Therefore your question is truly to "explain the development" of that partial fraction expansion. For that, you can read the docs surrounding residue, thus by reading here: residue.
You might look at the code itself in the function residue. If you do that, then PLEASE, PLEASE, DO NOT EDIT THE FUNCTION. We see so many times where some one has edited a MATLAB supplied function, and not reaizing they did so, make some silly edit to the code by accident, and then save the function. If you want to look at the code, then do this:
type residue
However, my guess is you won't get far there, as the code has a lot in it, and is probably not illuminating. A new user to MATLAB will just find themselves confused.

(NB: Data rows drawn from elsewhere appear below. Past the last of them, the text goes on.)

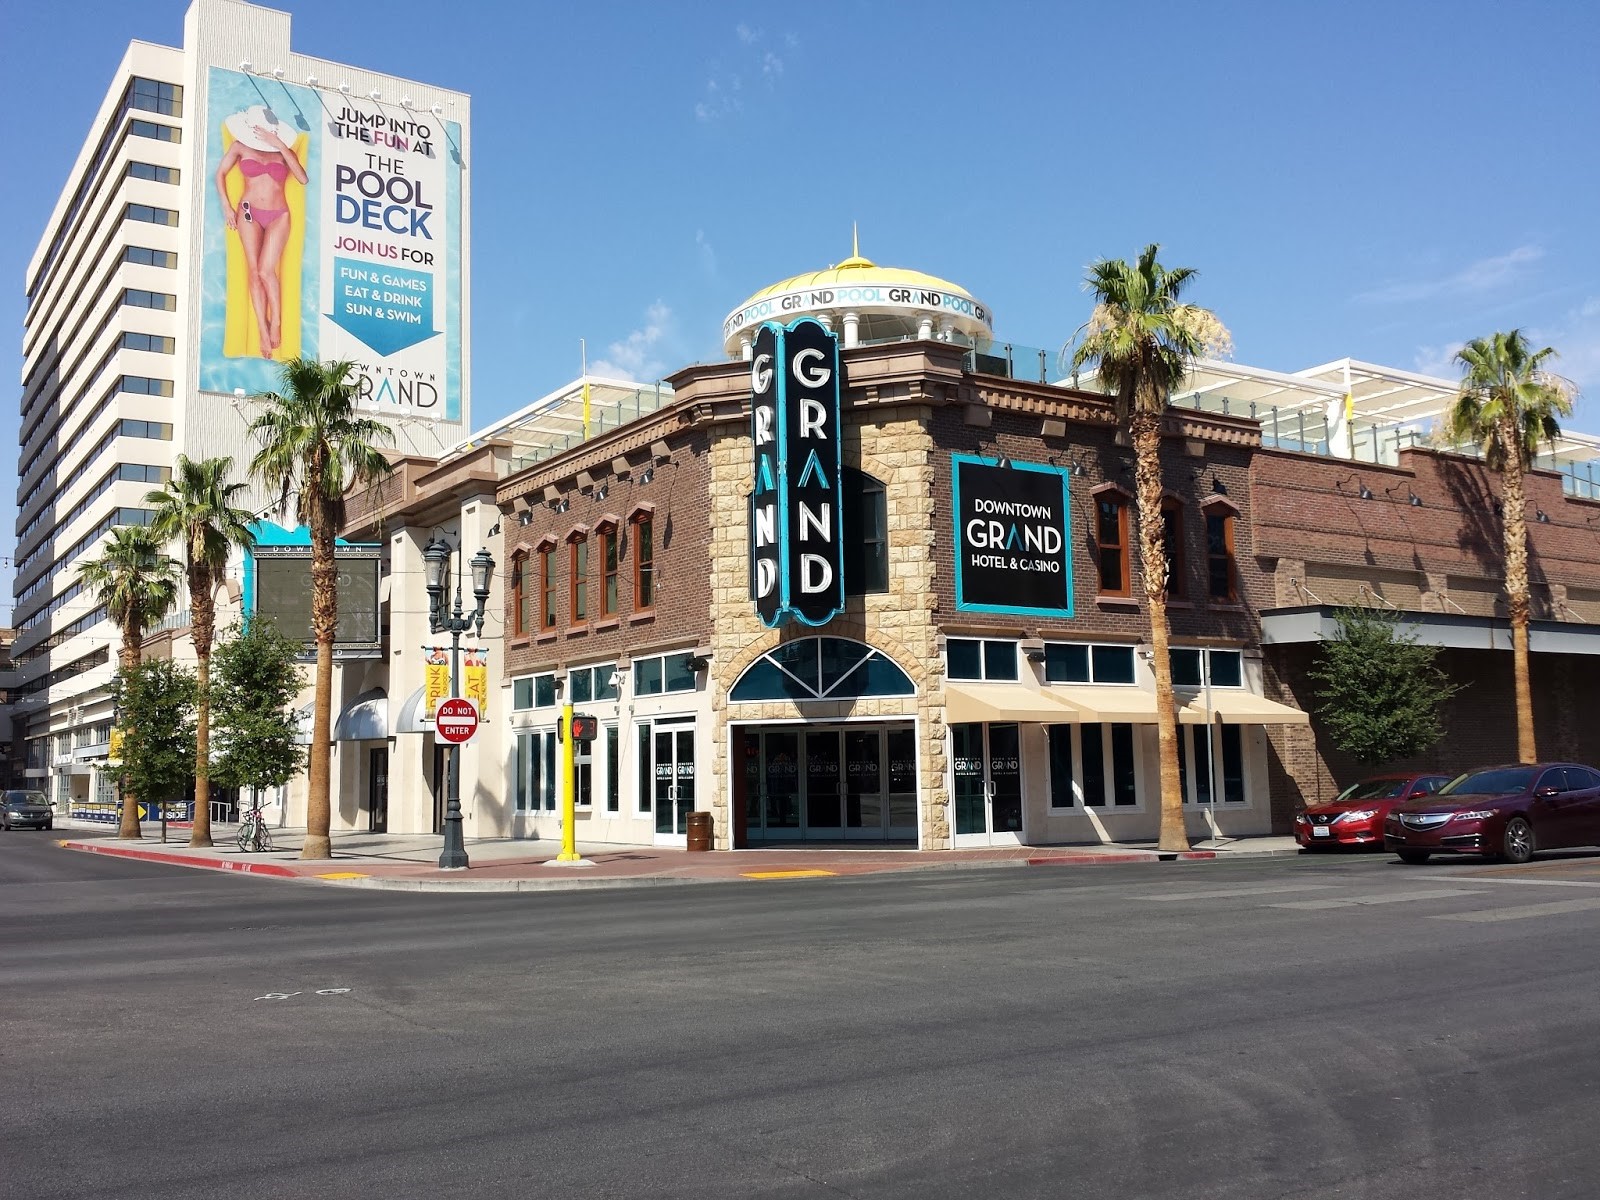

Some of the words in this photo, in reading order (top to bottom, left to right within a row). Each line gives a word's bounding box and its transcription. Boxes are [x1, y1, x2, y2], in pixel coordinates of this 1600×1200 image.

[337, 107, 386, 128] JUMP
[390, 118, 431, 139] INTO
[335, 121, 369, 142] THE
[374, 130, 409, 151] FUN
[412, 141, 433, 155] AT
[365, 153, 404, 175] THE
[336, 164, 433, 210] POOL
[336, 193, 433, 240] DECK
[334, 236, 373, 255] JOIN
[377, 243, 398, 259] US
[401, 247, 434, 266] FOR
[341, 267, 367, 281] FUN
[370, 272, 379, 284] &
[382, 274, 427, 291] GAMES
[345, 285, 369, 298] EAT
[371, 289, 381, 301] &
[383, 291, 422, 308] DRINK
[745, 301, 775, 323] POOL
[781, 290, 834, 310] GRAND
[837, 288, 885, 303] POOL
[888, 289, 941, 306] GRAND
[943, 294, 974, 316] POOL
[346, 303, 373, 316] SUN
[375, 307, 384, 319] &
[387, 309, 421, 324] SWIM
[332, 359, 436, 381] DWNTOWN
[751, 353, 776, 599] GRAND
[792, 348, 833, 594] GRAND
[975, 498, 1051, 520] DOWNTOWN
[966, 518, 1062, 554] GRAND
[971, 554, 1008, 569] HOTEL
[1010, 557, 1018, 570] &
[1019, 559, 1060, 573] CASINO
[457, 707, 472, 715] NOT
[809, 765, 838, 773] GRND
[849, 763, 878, 772] GRND
[158, 811, 187, 819] ISIDE

Or, you might want to do some reading, to understand how a partial fraction expansion is performed. Maybe start here in the reference provided in residue itself:
Reference: A.V. Oppenheim and R.W. Schafer, Digital
Signal Processing, Prentice-Hall, 1975, p. 56-58.
Or you might look here:
But I'm afraid, if by "explain" you want something that will take you step by step through the specific mathematical computations that were performed, there is no tool in MATLAB that will do that, thus teaching you how to perform a specific partial fraction expansion on some specific problem. (I think Mathematica/Alpha will do things like that, for at least some problems, but I don't use that tool.)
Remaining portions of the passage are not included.